7

Marie walked me back to my apartment before she retrieved her car from the lot near the French market. She’d decided to head back to her loft in the Warehouse District instead of hanging around for a nightcap. By logic, I should have been sleepy. I’d been up nearly eighteen hours, and a few glasses of wine should have at least relaxed me. Instead, I felt tense, even wired. The shock of seeing the guy up and walking around had brought enough adrenaline to the forefront of my brain that any tipsiness had been instantly burned away. I went to the phone and found nothing on my home voice mail. That checked, I took my laptop, which was not wired except when I needed to charge the battery, to bed with me. Not nearly as good company as Michael. While warm, it certainly wasn’t cuddly.

I checked my email and found the usual amount of spam. I fired a variation of the latest Nigerian Bank scam to an old friend in Chicago who collected them and kept deleting. I found an email from Dodson, finally, sent only a couple hours ago. From what he could find, there was nobody like my not-so-dead guy reported in any ER or clinics in the area that he could find. If McCoy was feeling well enough to be sitting in a bar tonight, maybe Sam was right and he got patched up elsewhere. But where? And who was he? I felt as if I was owed an explanation.

Maybe, I thought, I wasn’t the only one who was missing him. I replied to the email asking Dodson to see if his cousin—a police detective named Washington who had arrested both me and Feliz at different times--could check Missing Persons for any males named McCoy reported over the past day or two. If I was looking for him, maybe somebody else was. Make that McCoy or something similar. I never was good with names.

This could be a waste of time, I told myself sensibly. I had no idea if McCoy lived in New Orleans or even in the state of Louisiana. I’d heard him utter one sentence. Possibly two, if he’d made the phone call. If Dodson could get a story out of the search, he’d be happy. I’d be happy if I had the facts and my name was kept out of the papers.

Sleep continued to elude me, so I brought up a search engine and typed in, “OTC medications” and “hallucinations,” just so I could prove to Marie and Jerry that none of the cold and flu remedies I had been taking could cause my brain to go haywire and make me see things. I was quite sure I hadn’t combined anything I hadn’t combined before, or that the residual effect of something hadn’t mixed badly with the wine tonight. Just the facts, ma’am. Thank you, Jack Webb. Once I showed them search results, they’d believe me.

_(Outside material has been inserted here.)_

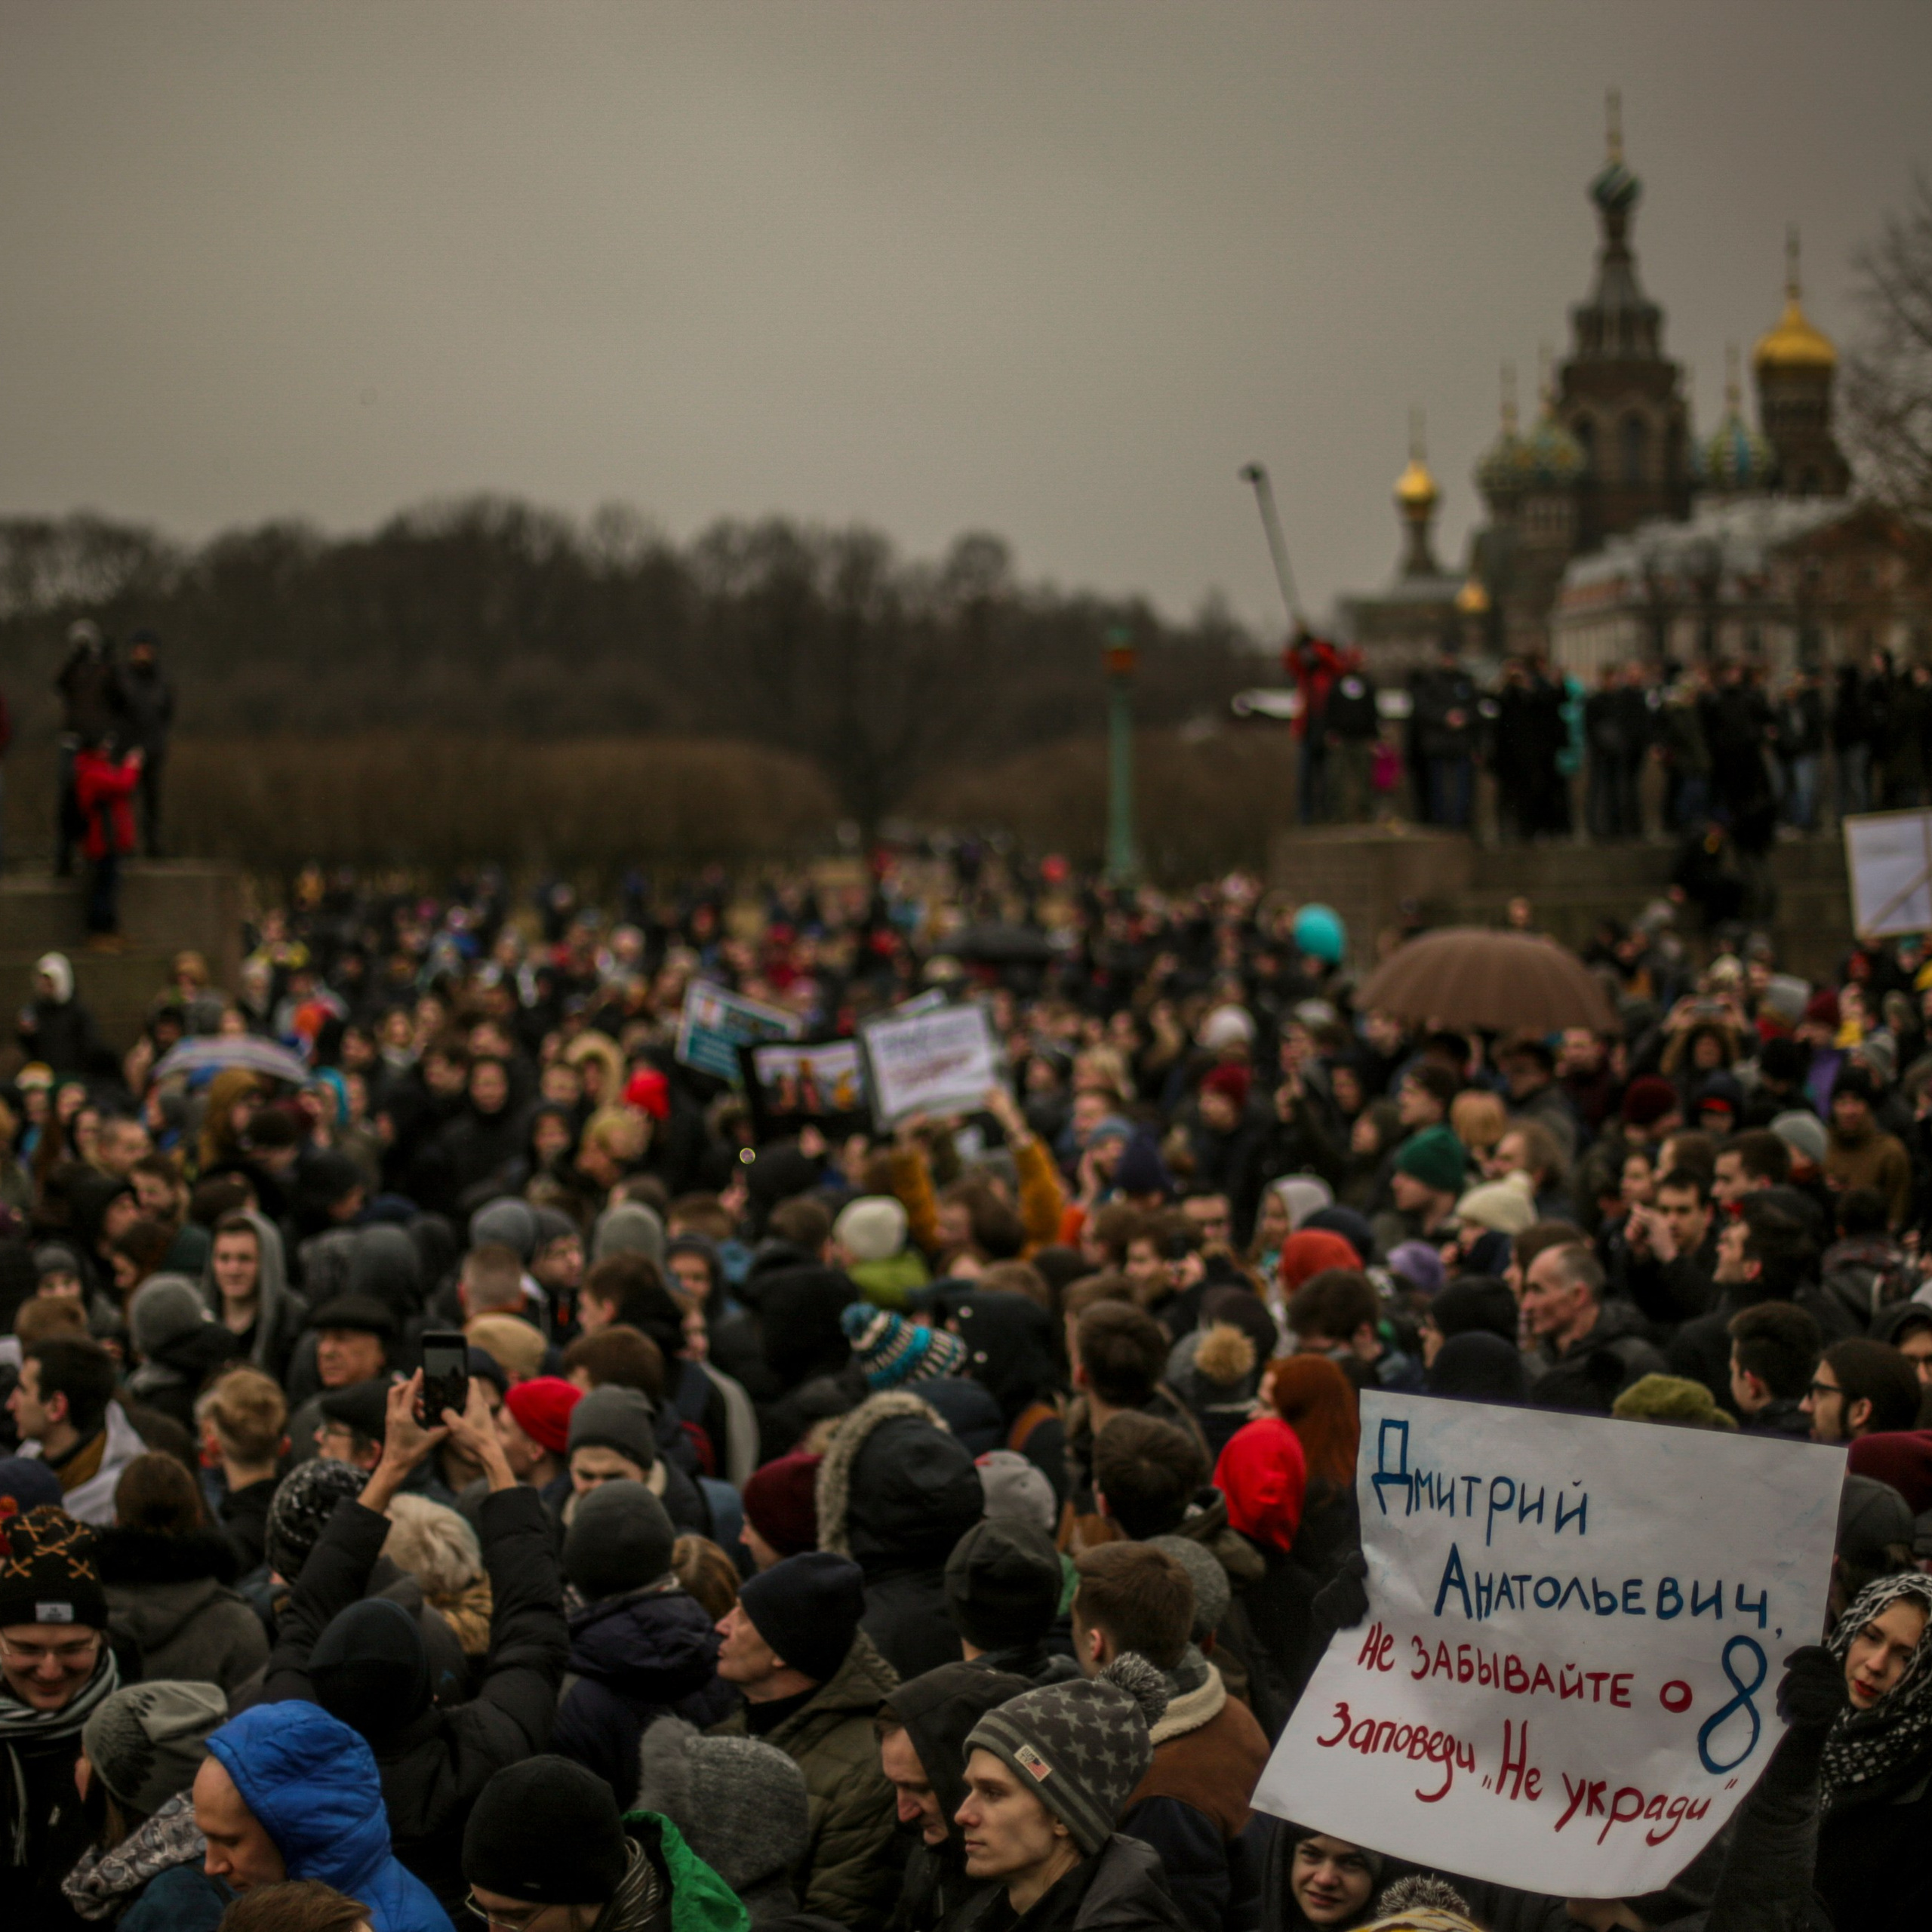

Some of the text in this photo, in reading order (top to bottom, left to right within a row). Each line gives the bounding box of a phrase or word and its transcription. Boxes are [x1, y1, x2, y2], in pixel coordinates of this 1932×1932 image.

[1371, 1418, 1589, 1546] Дмитрий
[1357, 1621, 1395, 1670] Не
[1698, 1634, 1769, 1775] 8

I wasn’t used to not being believed. I wasn’t given to what one of my elementary school nuns would call, “flights of fancy.” If anyone was going to imagine things, Marie was the logical choice. She did a little more than experiment with drugs in college, and while we didn’t talk about it, I suspected she occasionally indulged even today. Despite being in a strict Catholic school, I could have tried pot or coke as early as twelve. Still, I hadn’t done anything illegal that was still inside of the statute of limitations in the state of Illinois. And I had tried nothing that would give me flashbacks.

My search came up with a glut of information that surprised me. Sometimes I thought the Information Superhighway was more like a Flea Market. If you knew how to hunt, you could find hidden treasure where nobody else thought to look. Otherwise, it all just looked like junk.

DXM. The acronym sounded more like an undisclosed covert government agency of some kind. What it really meant was Dextromethorphan, a common ingredient in cold medicines that can cause hallucinations in some people, especially at high doses. Or when combined with other drugs. I read on, fascinated, and shortly became appalled.

An article from just over a year ago talked about “Robotripping,” how teens using DXM—often from Robitussin—to get high or to see things in an expanded spectrum of pretty colors. If that wasn’t your preferred way to fry your brain, the article said, enterprising people were also learning to extract the methamphetamine from pseudoephedrine, another common ingredient in cold medication. It was the most common decongestant over the counter, especially since drugs containing PPA—a popular ingredient in both diet pills and cold medication--were pulled off the counter a few years ago. I checked my medicine cabinet. Out of three different kinds of “multi-symptom cold and flu relief” on the shelf, two had DXM and all three had pseudoephedrine. According to this, and a few other similar articles, I could start a lab in my kitchen with ingredients from my bathroom, were I so inclined. I wasn’t. I’d tried pot for the first time when I was sixteen—Gene had gotten hold of some--but didn’t like it. I tried again at a party a year later and decided it was not for me. It would have been a bad idea to keep at it anyway. In high school, it would have thrown off my performance on the basketball court. In college, I had classes and basketball. Later, I traded the basketball in for an internship.

Finally, a yawn snuck up on me and shook me by the shoulders. I took the hint and plugged the laptop back in. Appropriately, it was now wired and I was not. Ten minutes in the bathroom took off the makeup and bathed my face in moisturizer. As I burrowed under the blankets to go to sleep, I realized Michael hadn’t called or emailed as he’d said he was going to. That wasn’t like him, but I’d worry about that tomorrow. Just call me Scarlett, I thought, as sleep overtook me.